The reason this history might feel as familiar to you as it does to me is likely because, post-2016 elections, we’ve seen similar tactics used against anyone of notoriety who challenges the accepted narrative of the Military-Industrial Complex (MIC) and the powers that be. When Hillary Clinton lost in 2016, she immediately accused Trump of benefiting from election rigging ordered by Vladimir Putin himself. And the liberal mainstream media uncritically parroted these allegations. If someone ever scrutinized the intentions or facts of those claims, they were labeled a “Putin puppet” or a “Russian bot.” Many people lost their jobs, received threats, or were politically blacklisted for refusing to blindly accept the allegations made against Russia. Allegations that seemingly were only pushed onto the public to serve the agenda of the powers that be. And just like in the 50s and 60s, Hollywood celebrities once again joined in pushing the Russia-phobic tropes to protect their careers.

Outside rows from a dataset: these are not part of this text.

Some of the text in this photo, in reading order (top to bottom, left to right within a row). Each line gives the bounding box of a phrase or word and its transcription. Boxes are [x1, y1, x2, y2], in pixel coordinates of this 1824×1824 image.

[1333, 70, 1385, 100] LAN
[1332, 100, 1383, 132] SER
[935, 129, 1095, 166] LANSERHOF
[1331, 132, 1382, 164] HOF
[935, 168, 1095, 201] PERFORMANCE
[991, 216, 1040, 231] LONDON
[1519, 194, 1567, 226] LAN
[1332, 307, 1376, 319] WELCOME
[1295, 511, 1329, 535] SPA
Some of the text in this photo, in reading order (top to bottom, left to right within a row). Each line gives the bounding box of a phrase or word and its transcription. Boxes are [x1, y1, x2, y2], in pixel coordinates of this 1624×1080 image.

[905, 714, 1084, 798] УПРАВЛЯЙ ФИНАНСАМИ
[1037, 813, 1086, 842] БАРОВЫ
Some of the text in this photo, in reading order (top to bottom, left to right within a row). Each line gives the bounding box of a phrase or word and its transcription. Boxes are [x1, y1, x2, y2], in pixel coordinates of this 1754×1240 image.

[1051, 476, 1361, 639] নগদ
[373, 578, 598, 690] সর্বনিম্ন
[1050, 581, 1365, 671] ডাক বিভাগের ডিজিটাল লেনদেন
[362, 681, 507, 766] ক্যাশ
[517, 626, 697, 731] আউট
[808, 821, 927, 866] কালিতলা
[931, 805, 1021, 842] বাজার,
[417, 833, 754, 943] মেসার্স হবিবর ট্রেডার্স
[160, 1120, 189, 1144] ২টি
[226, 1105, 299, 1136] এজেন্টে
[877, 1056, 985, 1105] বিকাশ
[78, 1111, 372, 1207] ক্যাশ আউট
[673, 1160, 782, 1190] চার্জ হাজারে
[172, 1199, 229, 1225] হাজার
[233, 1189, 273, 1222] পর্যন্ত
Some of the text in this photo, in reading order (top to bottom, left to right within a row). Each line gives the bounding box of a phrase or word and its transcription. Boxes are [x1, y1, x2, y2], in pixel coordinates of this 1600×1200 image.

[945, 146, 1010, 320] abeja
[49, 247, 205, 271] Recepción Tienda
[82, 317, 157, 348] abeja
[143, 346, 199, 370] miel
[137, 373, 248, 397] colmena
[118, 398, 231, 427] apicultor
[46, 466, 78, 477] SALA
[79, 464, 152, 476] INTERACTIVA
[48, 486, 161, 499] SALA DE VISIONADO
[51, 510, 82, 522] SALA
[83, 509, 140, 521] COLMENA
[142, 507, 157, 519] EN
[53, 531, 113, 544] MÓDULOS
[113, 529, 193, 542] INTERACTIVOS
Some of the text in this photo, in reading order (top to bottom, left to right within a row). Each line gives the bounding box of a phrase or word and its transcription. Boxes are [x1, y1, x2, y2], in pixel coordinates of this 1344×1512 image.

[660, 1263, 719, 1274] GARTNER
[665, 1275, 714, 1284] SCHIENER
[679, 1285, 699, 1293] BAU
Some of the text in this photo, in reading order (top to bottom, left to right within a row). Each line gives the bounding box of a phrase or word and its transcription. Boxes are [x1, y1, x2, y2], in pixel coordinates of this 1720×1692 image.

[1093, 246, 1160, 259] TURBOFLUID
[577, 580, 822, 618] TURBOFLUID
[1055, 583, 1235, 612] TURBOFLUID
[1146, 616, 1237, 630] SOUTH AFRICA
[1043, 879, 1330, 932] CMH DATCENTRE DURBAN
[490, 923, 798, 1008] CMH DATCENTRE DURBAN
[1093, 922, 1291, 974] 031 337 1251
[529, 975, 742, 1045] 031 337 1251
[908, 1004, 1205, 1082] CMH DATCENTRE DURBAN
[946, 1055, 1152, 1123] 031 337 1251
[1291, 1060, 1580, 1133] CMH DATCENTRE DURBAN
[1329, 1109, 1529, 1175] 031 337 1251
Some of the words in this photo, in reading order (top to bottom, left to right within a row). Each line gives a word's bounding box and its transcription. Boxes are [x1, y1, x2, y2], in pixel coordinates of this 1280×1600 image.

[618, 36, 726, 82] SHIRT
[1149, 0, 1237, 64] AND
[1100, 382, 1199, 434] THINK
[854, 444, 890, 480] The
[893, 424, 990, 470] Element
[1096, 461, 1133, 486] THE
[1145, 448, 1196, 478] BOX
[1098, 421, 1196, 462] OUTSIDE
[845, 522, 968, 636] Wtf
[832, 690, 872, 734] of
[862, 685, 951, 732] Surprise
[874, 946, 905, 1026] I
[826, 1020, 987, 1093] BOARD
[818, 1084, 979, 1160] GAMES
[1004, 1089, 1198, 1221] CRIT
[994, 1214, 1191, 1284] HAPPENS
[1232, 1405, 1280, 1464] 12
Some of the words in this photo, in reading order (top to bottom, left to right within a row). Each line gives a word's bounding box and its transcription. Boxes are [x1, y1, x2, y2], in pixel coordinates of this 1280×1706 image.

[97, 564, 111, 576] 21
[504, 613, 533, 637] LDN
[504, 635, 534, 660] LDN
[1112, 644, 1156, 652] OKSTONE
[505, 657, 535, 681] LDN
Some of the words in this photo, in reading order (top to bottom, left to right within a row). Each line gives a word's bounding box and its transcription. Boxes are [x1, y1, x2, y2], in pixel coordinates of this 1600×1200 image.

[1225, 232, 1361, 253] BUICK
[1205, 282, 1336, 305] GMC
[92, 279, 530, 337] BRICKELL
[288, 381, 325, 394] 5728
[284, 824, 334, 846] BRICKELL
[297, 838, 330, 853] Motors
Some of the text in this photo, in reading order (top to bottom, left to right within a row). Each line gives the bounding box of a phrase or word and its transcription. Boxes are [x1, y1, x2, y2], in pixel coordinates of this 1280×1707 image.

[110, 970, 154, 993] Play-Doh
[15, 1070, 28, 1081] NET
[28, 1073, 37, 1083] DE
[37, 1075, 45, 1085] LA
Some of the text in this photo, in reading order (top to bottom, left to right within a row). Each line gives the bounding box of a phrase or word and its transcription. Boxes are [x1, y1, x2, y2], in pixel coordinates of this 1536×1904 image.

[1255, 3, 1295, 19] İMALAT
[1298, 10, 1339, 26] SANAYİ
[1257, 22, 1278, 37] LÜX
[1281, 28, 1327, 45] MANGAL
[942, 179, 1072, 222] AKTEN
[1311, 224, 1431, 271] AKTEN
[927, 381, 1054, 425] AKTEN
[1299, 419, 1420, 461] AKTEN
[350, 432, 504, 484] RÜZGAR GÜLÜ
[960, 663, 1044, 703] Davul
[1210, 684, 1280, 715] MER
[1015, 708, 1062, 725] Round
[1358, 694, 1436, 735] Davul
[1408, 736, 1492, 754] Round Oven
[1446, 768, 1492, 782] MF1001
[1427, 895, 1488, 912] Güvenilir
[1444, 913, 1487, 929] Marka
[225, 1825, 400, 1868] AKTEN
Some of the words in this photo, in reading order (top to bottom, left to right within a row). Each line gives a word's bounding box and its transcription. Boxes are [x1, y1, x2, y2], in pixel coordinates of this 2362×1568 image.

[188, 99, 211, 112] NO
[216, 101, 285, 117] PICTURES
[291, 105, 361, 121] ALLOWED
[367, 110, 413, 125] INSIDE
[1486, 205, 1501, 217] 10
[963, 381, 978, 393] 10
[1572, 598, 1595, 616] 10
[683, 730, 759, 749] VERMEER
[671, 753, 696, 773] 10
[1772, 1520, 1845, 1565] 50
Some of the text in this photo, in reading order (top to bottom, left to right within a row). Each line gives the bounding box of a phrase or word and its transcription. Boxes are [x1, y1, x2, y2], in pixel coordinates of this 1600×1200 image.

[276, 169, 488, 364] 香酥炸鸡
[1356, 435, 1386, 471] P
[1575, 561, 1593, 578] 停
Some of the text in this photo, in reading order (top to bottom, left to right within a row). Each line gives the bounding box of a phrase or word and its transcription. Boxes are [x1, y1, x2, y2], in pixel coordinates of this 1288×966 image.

Four Died Trying reminds us that many McCarthy-era tactics are still being used today. And, unfortunately, just as many fell victim to propaganda back then, we still see far too many falling for the same propaganda today.
Four Died Trying isn’t even two episodes in, but it has already done a great job exposing the propaganda and powerful foes that historic change makers like JFK, RFK, Malcolm X, and MLK had standing in the way of the changes those gentlemen were seeking. It also gives the viewers some idea of just how much effort the elites put into creating an intricate system of corruption and the extensive lengths those elites were willing to go to in order to protect that system. I’m anxiously waiting to see what next week’s episode has in store!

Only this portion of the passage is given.